Blair Township is a township in Blair County, Pennsylvania, United States. The population was 4,785 at the 2020 census.

==General information==
- ZIP codes: 16635, 16648, 16665
- Area code: 814
- Local telephone exchanges: 693, 695, 696

==Geography==
Blair Township is located in southern Blair County. It is bordered by the boroughs of Hollidaysburg and Duncansville to the north. The township completely surrounds the borough of Newry. Allegheny Township is to the northwest, Frankstown Township is to the northeast, Taylor Township is to the southeast, Freedom Township is to the southwest, and Juniata Township touches the western corner. Unincorporated communities in the township include Fort Fetter, Penn Farms, Reservoir, Brooks Mill, Vicksburg, and parts of McKee (in the south) and Loop (in the northeast).

According to the United States Census Bureau, the township has a total area of 35.5 km2, of which 35.2 km2 is land and 0.2 km2, or 0.60%, is water.

==Demographics==

As of the census of 2000, there were 4,587 people, 1,775 households, and 1,329 families residing in the township. The population density was 337.3 PD/sqmi. There were 1,846 housing units at an average density of 135.7 /sqmi. The racial makeup of the township was 98.89% White, 0.22% African American, 0.04% Native American, 0.44% Asian, 0.09% from other races, and 0.33% from two or more races. Hispanic or Latino of any race were 0.44% of the population.

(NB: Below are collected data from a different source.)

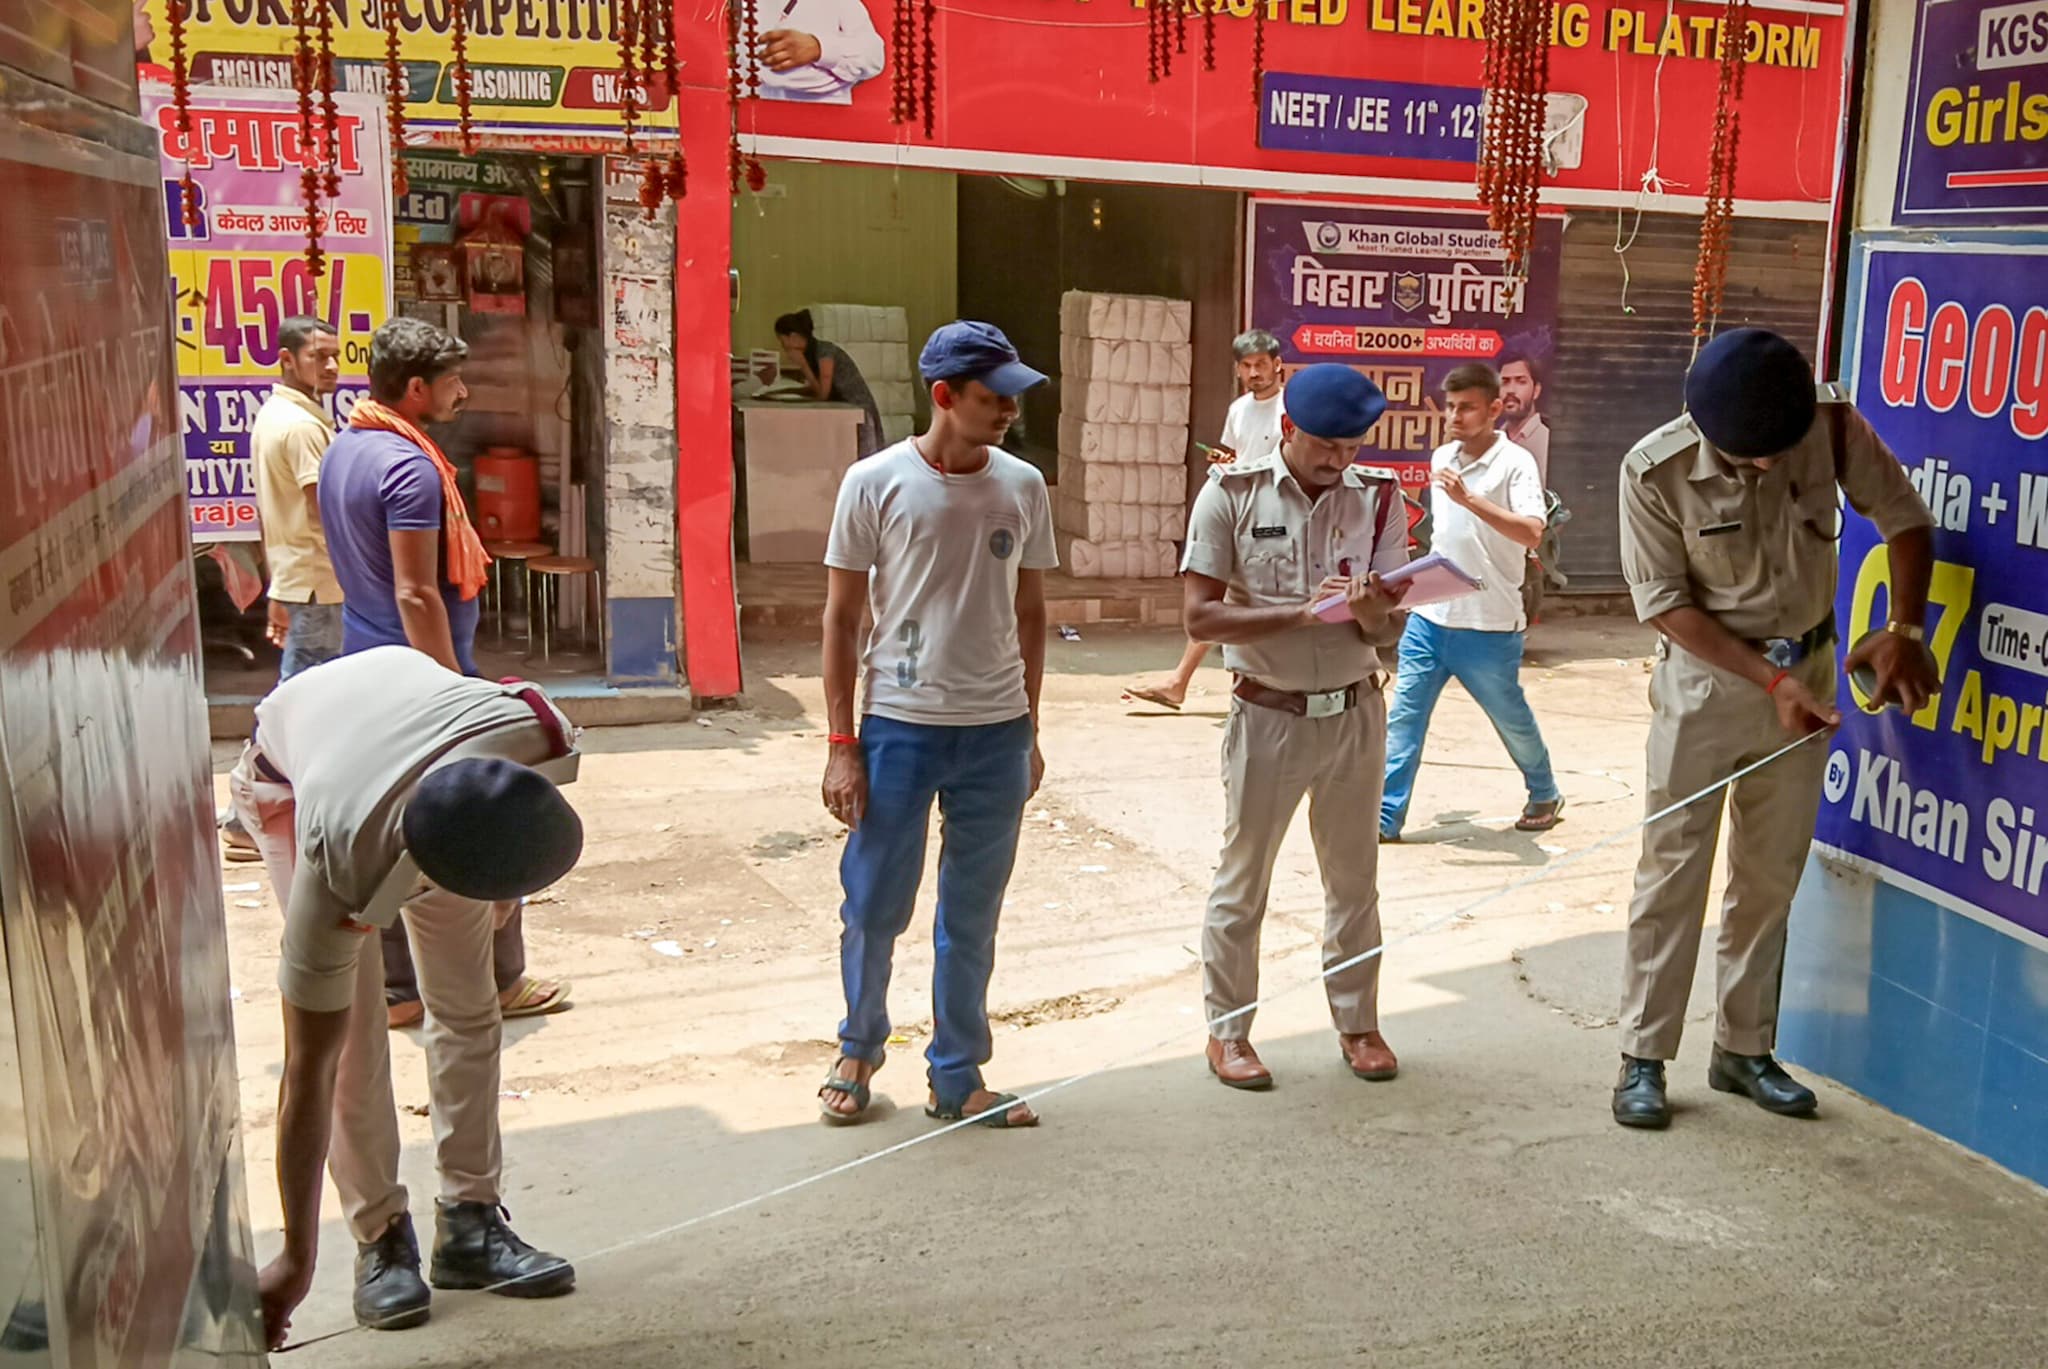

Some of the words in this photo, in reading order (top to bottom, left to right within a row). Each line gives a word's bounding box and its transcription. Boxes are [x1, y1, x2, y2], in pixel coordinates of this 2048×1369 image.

[1986, 11, 2048, 59] KGS
[211, 59, 293, 88] ENGLISH
[1270, 90, 1330, 128] NEET
[1347, 97, 1390, 133] JEE
[1926, 81, 2048, 147] Girls
[217, 209, 264, 231] केवल
[335, 210, 367, 235] लिए
[1348, 229, 1389, 244] Khan
[1394, 231, 1444, 246] Global
[1447, 233, 1504, 249] Studies
[1291, 256, 1389, 309] बिहार
[1428, 262, 1528, 325] पुलिस
[1302, 331, 1311, 346] में
[1356, 332, 1423, 349] 12000+
[1479, 337, 1494, 351] का
[208, 440, 235, 455] या
[1987, 613, 2030, 661] Time
[1828, 761, 1846, 791] By
[1850, 748, 1969, 864] Khan
[1982, 798, 2048, 896] Sir

There were 1,775 households, out of which 31.4% had children under the age of 18 living with them, 63.0% were married couples living together, 8.5% had a female householder with no husband present, and 25.1% were non-families. 22.0% of all households were made up of individuals, and 9.2% had someone living alone who was 65 years of age or older. The average household size was 2.53 and the average family size was 2.95.

In the township the population was spread out, with 23.0% under the age of 18, 6.2% from 18 to 24, 28.2% from 25 to 44, 27.2% from 45 to 64, and 15.4% who were 65 years of age or older. The median age was 41 years. For every 100 females there were 98.2 males. For every 100 females age 18 and over, there were 92.3 males.

The median income for a household in the township was $44,101, and the median income for a family was $50,662. Males had a median income of $36,768 versus $27,125 for females. The per capita income for the township was $21,764. About 5.4% of families and 6.4% of the population were below the poverty line, including 8.5% of those under age 18 and 7.1% of those age 65 or over.

Historical population
| Census | Pop. | Note | %± |
| 2010 | 4,494 |  | — |
| 2020 | 4,792 |  | 6.6% |
| 2022 (est.) | 4,703 |  | −1.9% |
U.S. Decennial Census

==Recreation==
Lions Park is located at the western border of the township in Newry. Pennsylvania State Game Lands Number 147 is located along the eastern border on Dunning Mountain.